Klein’s father was in the clothing business; he was all but felled by the Crash, a year after his son was born. There was money and prestige in the family, but it lay with uncles and aunts. (“I can’t say they did anything, ever, for me.”) The young Klein attended the City College of New York, but left before graduating to take advantage of the GI Bill of Rights. He was dispatched by train to Fort Riley, Kansas. “For the first time, I saw America,” he recalls. “I couldn’t go to sleep.” He joined the cavalry – as a radio operator on horseback, which sounds like a surrealist collage – and wound up in occupied Germany. “Someone looked through my record and found that I had got out of university at eighteen, that I spoke a little French, and they chose twenty-five soldiers to go to the Sorbonne,” he says. He never saw action – not the military kind, at any rate. The Klein luck held, and he found himself taking art lessons from Fernand Leger. (“Leger was something else. He looked like Rocky Marciano. He looked like he could take them on. Lee Marvin, the French version.”) Some of Klein’s early paintings – I saw racks of them in one of his Paris studios – show a chunkiness that betrays the muscular presence of his master, although the young man’s talent was always going to be more kinetic than Leger’s, less embarrassed by the force of fleeting. In 1952, some of Klein’s murals were shown in Milan, where he took photographs of them; it was not the first time he had picked up a camera – in a myth that he confirmed to me as accurate, he had won a Rolleiflex in a poker game with other GI’s but it was only then that he understood the firepower of his new weapon.
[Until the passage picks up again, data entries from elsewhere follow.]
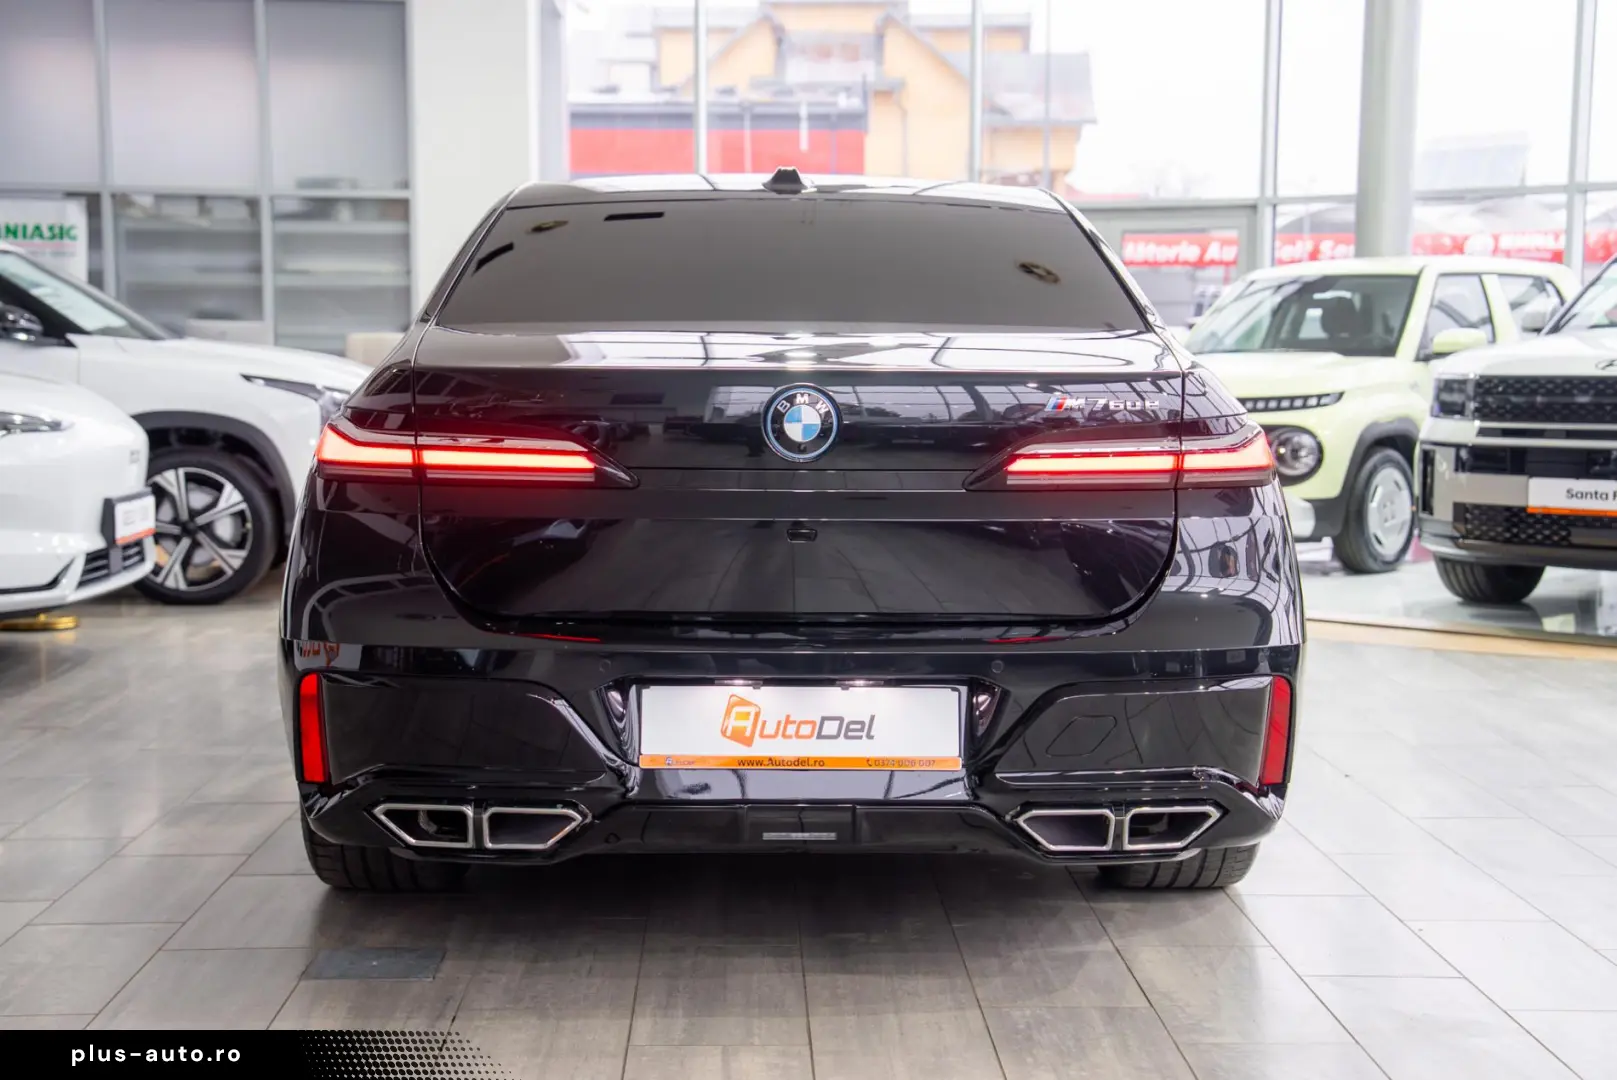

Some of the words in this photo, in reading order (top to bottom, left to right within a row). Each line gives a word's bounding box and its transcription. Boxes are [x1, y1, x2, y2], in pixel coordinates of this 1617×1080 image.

[777, 393, 829, 414] BMW
[1566, 488, 1609, 501] Santa
[722, 700, 876, 741] AutoDel
[737, 758, 825, 767] www.Autodel.ro
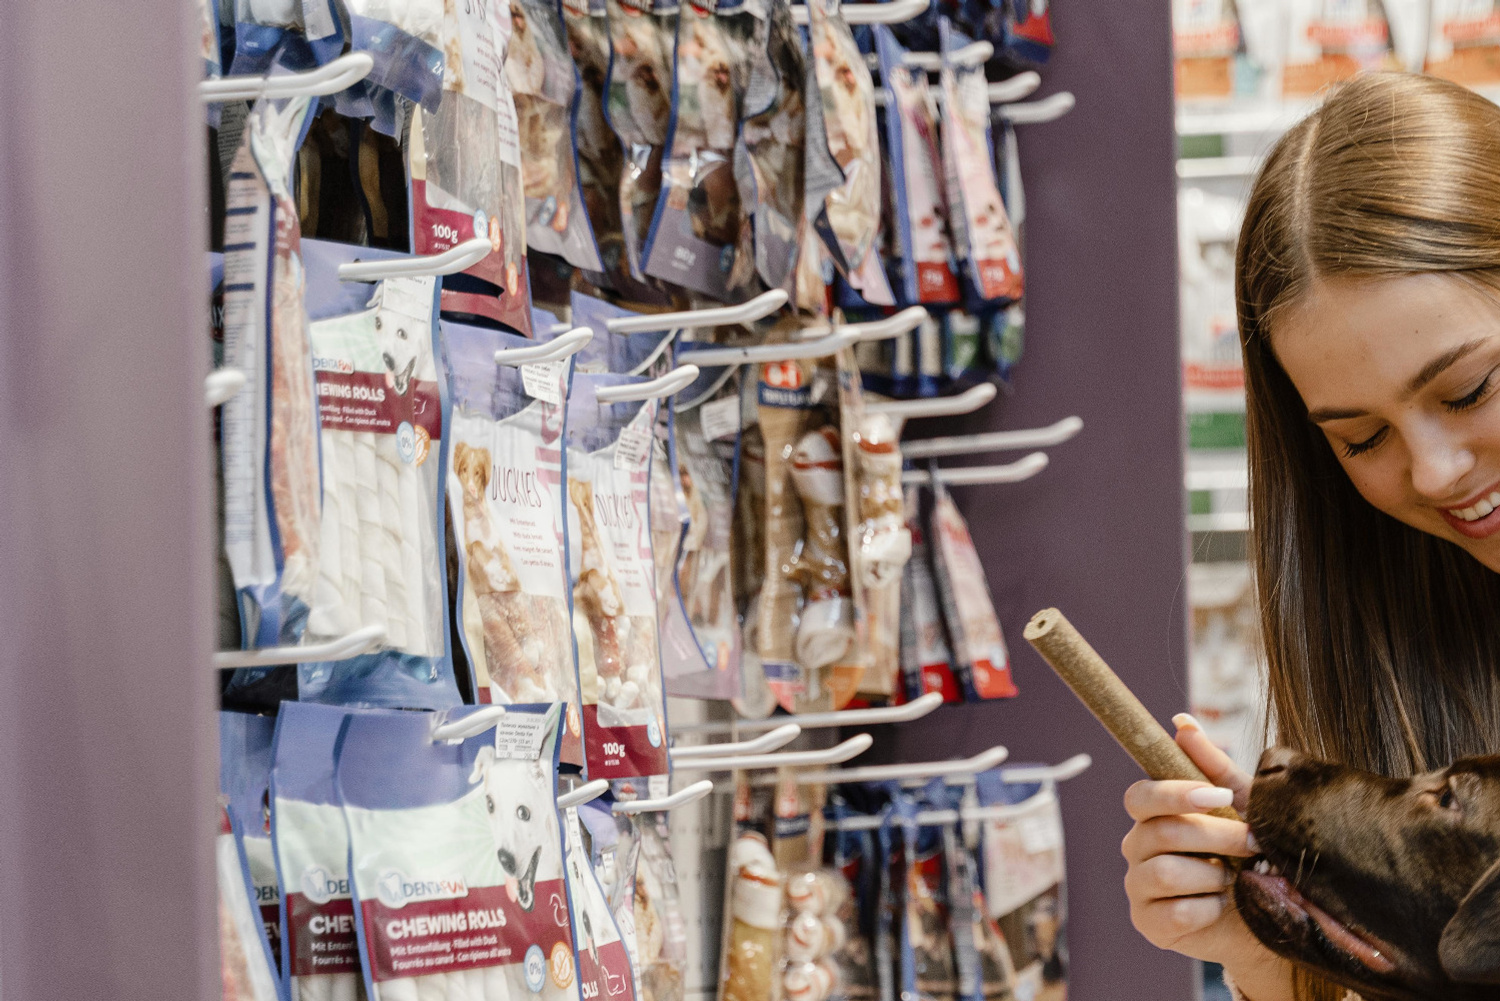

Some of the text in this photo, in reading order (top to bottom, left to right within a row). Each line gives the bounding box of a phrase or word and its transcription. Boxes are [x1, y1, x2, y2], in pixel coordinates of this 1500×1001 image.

From here, events moved fast. His abstract shots were featured on the cover of an architectural magazine called Domus and seen by a guy from a fashion magazine called Vogue. This was Alexander Liberman, no less, the art director who could spot talent an ocean away and bring it home. By 1954, the prodigal son was back in New York, on a five-month stay, with a dream brief: come and work for us, carte blanche, two hundred bucks a week, limitless photographic supplies, and while you’re at it, shoot the city. “I approached New York like a fake anthropologist,” Klein says, “treating New Yorkers like Zulus.” He and Jeanne lived in a small hotel; “I would print like a maniac – fifty photos a night, washing them in a bathtub.”

 

d5662351a (Custom)

 

3381 (1)

 

Gunman, NY, 1954 (Custom) (2)

 

“The whole book ends with a bang: a sun raging low on the Manhattan skyline, printed with such rich pointillist grain that what was, presumably, a nice warm day is cranked up into an artist’s impression of a nuclear firestorm. Just what America wanted in 1956.”

 

The result was Life is Good for You in New York: Trance Witness Revels, which was published in 1956 – published in France, that is, to instant acclaim. It did not appear in America, a laughable omission that remained uncorrected until the book was reprinted in 1995. New York publishers turned up their noses. “They would say, ‘What kind of New York is this? It looks like a slum.’ I said, ‘Listen. New York is a slum. You live on Fifth Avenue, you come to your office on Madison Avenue – what do you know? You ever been to the Bronx?'” Not only did Klein design the book himself; he alerted readers – those who could get hold of the thing – to the possibility that a photography book, no less than a photograph itself, could be a work of art. “My first idea was to do a collection of the front pages of the New York Daily News.” What emerged was hardly less alarming. There are no captions, and the rhythm of the layout keeps to no known beat: some shots are bordered in white, others leak across the central gutter or spill to the edge. At one point Klein uses a spread to mount an all-out assault; each facing page shows the front of a movie theatre, ablaze with names of the period (Van Heflin, Cesar Romero, Leo Genn) and tilted so that the lights on the marquees bounce and gleam off the enamelled darkness of a car. The whole book ends with a bang: a sun raging low on the Manhattan skyline, printed with such rich pointillist grain that what was, presumably, a nice warm day is cranked up into an artist’s impression of a nuclear firestorm. Just what America wanted in 1956.